_DIRECTIONS FOR THIS TASK_:
The records that follow must be transcribed in full, without any change.

_MATERIAL PROVIDED_:

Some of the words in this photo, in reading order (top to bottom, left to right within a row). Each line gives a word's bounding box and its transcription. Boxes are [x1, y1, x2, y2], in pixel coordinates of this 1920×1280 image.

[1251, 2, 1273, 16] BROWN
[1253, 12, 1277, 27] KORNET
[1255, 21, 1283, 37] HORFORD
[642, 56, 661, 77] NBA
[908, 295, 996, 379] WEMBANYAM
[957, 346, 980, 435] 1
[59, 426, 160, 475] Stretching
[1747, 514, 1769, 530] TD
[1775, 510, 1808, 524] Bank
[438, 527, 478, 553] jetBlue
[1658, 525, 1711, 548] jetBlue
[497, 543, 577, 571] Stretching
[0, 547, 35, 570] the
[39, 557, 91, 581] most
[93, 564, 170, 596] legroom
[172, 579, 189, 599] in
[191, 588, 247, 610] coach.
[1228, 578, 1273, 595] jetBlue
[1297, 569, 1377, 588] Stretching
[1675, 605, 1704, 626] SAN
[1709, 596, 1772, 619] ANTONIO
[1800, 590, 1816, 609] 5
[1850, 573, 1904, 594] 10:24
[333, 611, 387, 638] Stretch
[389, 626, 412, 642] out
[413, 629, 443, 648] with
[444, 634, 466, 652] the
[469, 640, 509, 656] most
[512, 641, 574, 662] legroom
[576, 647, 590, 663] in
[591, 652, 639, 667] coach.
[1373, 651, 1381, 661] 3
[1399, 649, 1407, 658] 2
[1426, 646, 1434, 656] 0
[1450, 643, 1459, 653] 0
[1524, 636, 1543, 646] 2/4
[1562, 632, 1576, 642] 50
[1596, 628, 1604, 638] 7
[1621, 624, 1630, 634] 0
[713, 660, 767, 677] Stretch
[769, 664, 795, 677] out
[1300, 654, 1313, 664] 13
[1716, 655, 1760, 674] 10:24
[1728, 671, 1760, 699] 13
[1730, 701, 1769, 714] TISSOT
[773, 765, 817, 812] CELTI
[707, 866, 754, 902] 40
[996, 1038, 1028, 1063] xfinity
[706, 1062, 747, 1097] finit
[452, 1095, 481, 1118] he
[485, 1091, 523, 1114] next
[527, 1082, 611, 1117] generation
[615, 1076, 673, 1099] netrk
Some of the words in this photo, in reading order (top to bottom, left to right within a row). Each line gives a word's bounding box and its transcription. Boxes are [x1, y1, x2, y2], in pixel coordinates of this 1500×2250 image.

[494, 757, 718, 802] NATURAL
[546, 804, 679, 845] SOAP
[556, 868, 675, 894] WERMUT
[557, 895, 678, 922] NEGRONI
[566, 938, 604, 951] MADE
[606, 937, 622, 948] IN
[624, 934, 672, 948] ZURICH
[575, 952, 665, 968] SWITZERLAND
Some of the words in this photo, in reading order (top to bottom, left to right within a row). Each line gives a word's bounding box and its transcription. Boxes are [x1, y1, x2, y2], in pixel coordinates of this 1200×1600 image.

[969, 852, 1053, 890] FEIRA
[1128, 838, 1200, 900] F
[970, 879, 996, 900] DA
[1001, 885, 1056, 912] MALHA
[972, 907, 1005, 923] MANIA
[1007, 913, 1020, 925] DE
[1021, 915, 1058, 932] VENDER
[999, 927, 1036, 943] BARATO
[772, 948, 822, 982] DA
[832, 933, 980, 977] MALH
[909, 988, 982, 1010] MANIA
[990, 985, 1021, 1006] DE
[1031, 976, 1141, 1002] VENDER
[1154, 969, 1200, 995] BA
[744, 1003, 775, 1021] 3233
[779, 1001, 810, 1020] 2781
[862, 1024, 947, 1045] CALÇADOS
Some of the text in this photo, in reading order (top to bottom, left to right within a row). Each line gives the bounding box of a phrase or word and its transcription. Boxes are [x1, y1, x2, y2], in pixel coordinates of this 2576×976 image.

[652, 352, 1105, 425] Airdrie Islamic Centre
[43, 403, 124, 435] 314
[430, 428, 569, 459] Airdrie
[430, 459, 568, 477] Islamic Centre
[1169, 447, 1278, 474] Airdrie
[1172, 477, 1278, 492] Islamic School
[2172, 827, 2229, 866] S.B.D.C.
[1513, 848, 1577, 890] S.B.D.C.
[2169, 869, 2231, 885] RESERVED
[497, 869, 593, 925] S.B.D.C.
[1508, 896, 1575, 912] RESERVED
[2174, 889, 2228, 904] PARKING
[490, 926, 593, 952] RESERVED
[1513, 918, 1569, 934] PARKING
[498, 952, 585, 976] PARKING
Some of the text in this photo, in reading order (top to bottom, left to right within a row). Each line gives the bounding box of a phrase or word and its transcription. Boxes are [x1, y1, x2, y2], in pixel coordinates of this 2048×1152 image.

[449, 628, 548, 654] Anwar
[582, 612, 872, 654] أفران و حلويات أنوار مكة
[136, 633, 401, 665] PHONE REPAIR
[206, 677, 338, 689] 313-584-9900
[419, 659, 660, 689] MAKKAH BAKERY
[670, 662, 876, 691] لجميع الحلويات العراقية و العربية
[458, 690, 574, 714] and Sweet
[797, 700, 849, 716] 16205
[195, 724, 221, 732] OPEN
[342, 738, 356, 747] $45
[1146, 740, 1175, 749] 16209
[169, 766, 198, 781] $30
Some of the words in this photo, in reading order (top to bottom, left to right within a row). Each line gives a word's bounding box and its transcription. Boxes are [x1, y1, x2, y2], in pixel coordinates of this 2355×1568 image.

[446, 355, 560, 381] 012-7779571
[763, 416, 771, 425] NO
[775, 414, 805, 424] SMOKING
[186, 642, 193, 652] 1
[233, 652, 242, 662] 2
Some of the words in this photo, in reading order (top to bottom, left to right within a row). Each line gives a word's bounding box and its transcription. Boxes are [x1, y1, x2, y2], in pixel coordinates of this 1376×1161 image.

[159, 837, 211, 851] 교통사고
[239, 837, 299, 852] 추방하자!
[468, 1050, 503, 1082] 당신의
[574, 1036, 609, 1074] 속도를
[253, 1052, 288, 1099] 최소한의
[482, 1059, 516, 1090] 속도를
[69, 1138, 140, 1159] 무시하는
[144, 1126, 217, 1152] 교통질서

_RESPONSE TO THE TASK_:
Some of the words in this photo, in reading order (top to bottom, left to right within a row). Each line gives a word's bounding box and its transcription. Boxes are [x1, y1, x2, y2], in pixel coordinates of this 1920×1280 image.

[1251, 2, 1273, 16] BROWN
[1253, 12, 1277, 27] KORNET
[1255, 21, 1283, 37] HORFORD
[642, 56, 661, 77] NBA
[908, 295, 996, 379] WEMBANYAM
[957, 346, 980, 435] 1
[59, 426, 160, 475] Stretching
[1747, 514, 1769, 530] TD
[1775, 510, 1808, 524] Bank
[438, 527, 478, 553] jetBlue
[1658, 525, 1711, 548] jetBlue
[497, 543, 577, 571] Stretching
[0, 547, 35, 570] the
[39, 557, 91, 581] most
[93, 564, 170, 596] legroom
[172, 579, 189, 599] in
[191, 588, 247, 610] coach.
[1228, 578, 1273, 595] jetBlue
[1297, 569, 1377, 588] Stretching
[1675, 605, 1704, 626] SAN
[1709, 596, 1772, 619] ANTONIO
[1800, 590, 1816, 609] 5
[1850, 573, 1904, 594] 10:24
[333, 611, 387, 638] Stretch
[389, 626, 412, 642] out
[413, 629, 443, 648] with
[444, 634, 466, 652] the
[469, 640, 509, 656] most
[512, 641, 574, 662] legroom
[576, 647, 590, 663] in
[591, 652, 639, 667] coach.
[1373, 651, 1381, 661] 3
[1399, 649, 1407, 658] 2
[1426, 646, 1434, 656] 0
[1450, 643, 1459, 653] 0
[1524, 636, 1543, 646] 2/4
[1562, 632, 1576, 642] 50
[1596, 628, 1604, 638] 7
[1621, 624, 1630, 634] 0
[713, 660, 767, 677] Stretch
[769, 664, 795, 677] out
[1300, 654, 1313, 664] 13
[1716, 655, 1760, 674] 10:24
[1728, 671, 1760, 699] 13
[1730, 701, 1769, 714] TISSOT
[773, 765, 817, 812] CELTI
[707, 866, 754, 902] 40
[996, 1038, 1028, 1063] xfinity
[706, 1062, 747, 1097] finit
[452, 1095, 481, 1118] he
[485, 1091, 523, 1114] next
[527, 1082, 611, 1117] generation
[615, 1076, 673, 1099] netrk
Some of the words in this photo, in reading order (top to bottom, left to right within a row). Each line gives a word's bounding box and its transcription. Boxes are [x1, y1, x2, y2], in pixel coordinates of this 1500×2250 image.

[494, 757, 718, 802] NATURAL
[546, 804, 679, 845] SOAP
[556, 868, 675, 894] WERMUT
[557, 895, 678, 922] NEGRONI
[566, 938, 604, 951] MADE
[606, 937, 622, 948] IN
[624, 934, 672, 948] ZURICH
[575, 952, 665, 968] SWITZERLAND
Some of the words in this photo, in reading order (top to bottom, left to right within a row). Each line gives a word's bounding box and its transcription. Boxes are [x1, y1, x2, y2], in pixel coordinates of this 1200×1600 image.

[969, 852, 1053, 890] FEIRA
[1128, 838, 1200, 900] F
[970, 879, 996, 900] DA
[1001, 885, 1056, 912] MALHA
[972, 907, 1005, 923] MANIA
[1007, 913, 1020, 925] DE
[1021, 915, 1058, 932] VENDER
[999, 927, 1036, 943] BARATO
[772, 948, 822, 982] DA
[832, 933, 980, 977] MALH
[909, 988, 982, 1010] MANIA
[990, 985, 1021, 1006] DE
[1031, 976, 1141, 1002] VENDER
[1154, 969, 1200, 995] BA
[744, 1003, 775, 1021] 3233
[779, 1001, 810, 1020] 2781
[862, 1024, 947, 1045] CALÇADOS
Some of the text in this photo, in reading order (top to bottom, left to right within a row). Each line gives the bounding box of a phrase or word and its transcription. Boxes are [x1, y1, x2, y2], in pixel coordinates of this 2576×976 image.

[652, 352, 1105, 425] Airdrie Islamic Centre
[43, 403, 124, 435] 314
[430, 428, 569, 459] Airdrie
[430, 459, 568, 477] Islamic Centre
[1169, 447, 1278, 474] Airdrie
[1172, 477, 1278, 492] Islamic School
[2172, 827, 2229, 866] S.B.D.C.
[1513, 848, 1577, 890] S.B.D.C.
[2169, 869, 2231, 885] RESERVED
[497, 869, 593, 925] S.B.D.C.
[1508, 896, 1575, 912] RESERVED
[2174, 889, 2228, 904] PARKING
[490, 926, 593, 952] RESERVED
[1513, 918, 1569, 934] PARKING
[498, 952, 585, 976] PARKING
Some of the text in this photo, in reading order (top to bottom, left to right within a row). Each line gives the bounding box of a phrase or word and its transcription. Boxes are [x1, y1, x2, y2], in pixel coordinates of this 2048×1152 image.

[449, 628, 548, 654] Anwar
[582, 612, 872, 654] أفران و حلويات أنوار مكة
[136, 633, 401, 665] PHONE REPAIR
[206, 677, 338, 689] 313-584-9900
[419, 659, 660, 689] MAKKAH BAKERY
[670, 662, 876, 691] لجميع الحلويات العراقية و العربية
[458, 690, 574, 714] and Sweet
[797, 700, 849, 716] 16205
[195, 724, 221, 732] OPEN
[342, 738, 356, 747] $45
[1146, 740, 1175, 749] 16209
[169, 766, 198, 781] $30
Some of the words in this photo, in reading order (top to bottom, left to right within a row). Each line gives a word's bounding box and its transcription. Boxes are [x1, y1, x2, y2], in pixel coordinates of this 2355×1568 image.

[446, 355, 560, 381] 012-7779571
[763, 416, 771, 425] NO
[775, 414, 805, 424] SMOKING
[186, 642, 193, 652] 1
[233, 652, 242, 662] 2
Some of the words in this photo, in reading order (top to bottom, left to right within a row). Each line gives a word's bounding box and its transcription. Boxes are [x1, y1, x2, y2], in pixel coordinates of this 1376×1161 image.

[159, 837, 211, 851] 교통사고
[239, 837, 299, 852] 추방하자!
[468, 1050, 503, 1082] 당신의
[574, 1036, 609, 1074] 속도를
[253, 1052, 288, 1099] 최소한의
[482, 1059, 516, 1090] 속도를
[69, 1138, 140, 1159] 무시하는
[144, 1126, 217, 1152] 교통질서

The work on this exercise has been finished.